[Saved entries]
::::

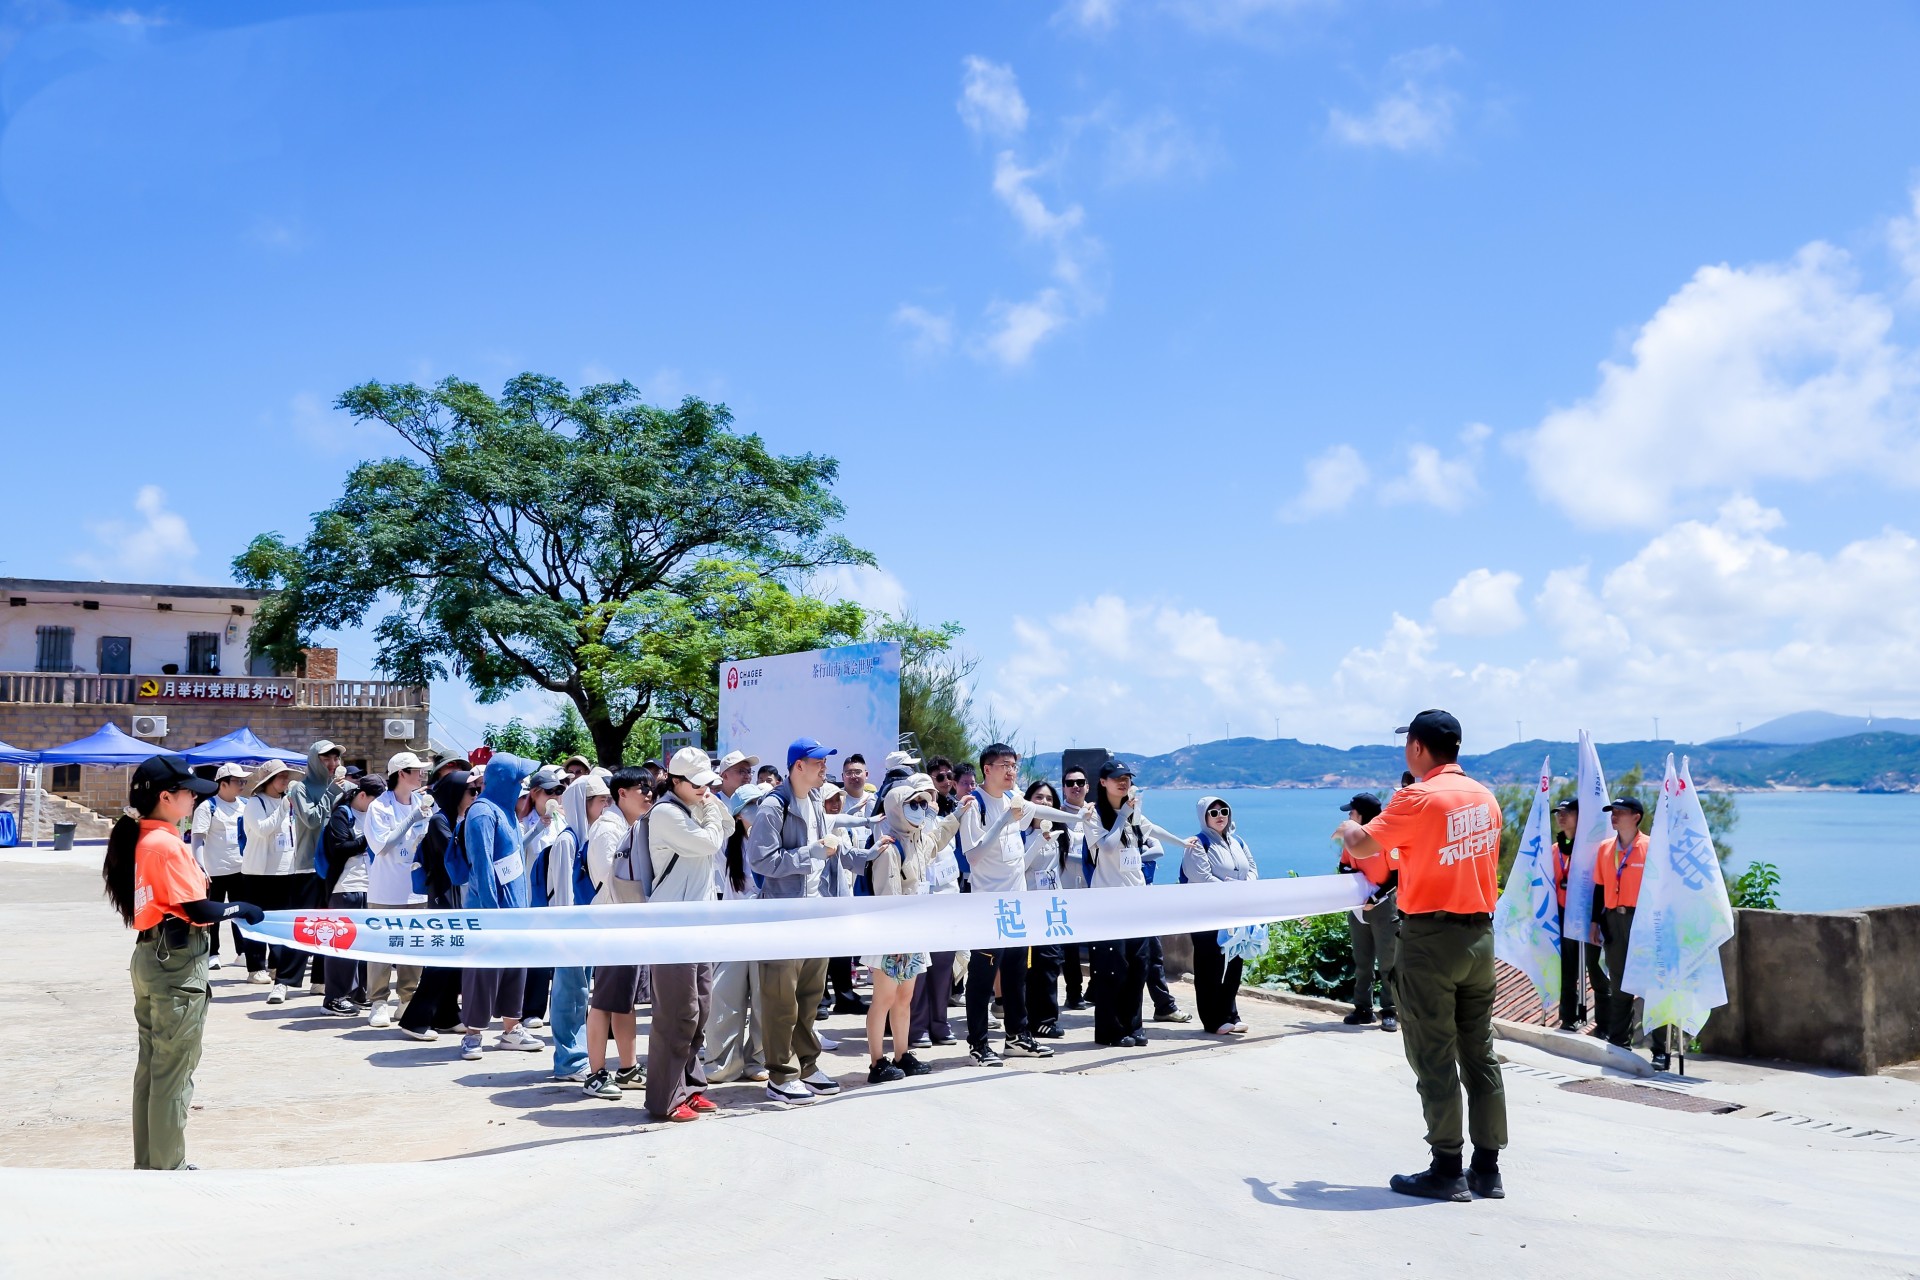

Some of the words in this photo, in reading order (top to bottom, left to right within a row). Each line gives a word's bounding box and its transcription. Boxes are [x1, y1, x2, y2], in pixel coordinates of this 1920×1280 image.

[740, 669, 762, 679] CHAGEE
[162, 680, 294, 699] 月举村党群服务中心
[1446, 803, 1491, 844] 团建
[365, 917, 483, 931] CHAGEE
[994, 896, 1074, 940] 起点
[388, 934, 465, 948] 霸王茶姬

::::

Copy every line of the records exactly as it is written, but not the pictures.

Some of the words in this photo, in reading order (top to bottom, left to right within a row). Each line gives a word's bounding box and its transcription. Boxes are [x1, y1, x2, y2], in pixel coordinates of this 1920×1280 image.

[740, 669, 762, 679] CHAGEE
[162, 680, 294, 699] 月举村党群服务中心
[1446, 803, 1491, 844] 团建
[365, 917, 483, 931] CHAGEE
[994, 896, 1074, 940] 起点
[388, 934, 465, 948] 霸王茶姬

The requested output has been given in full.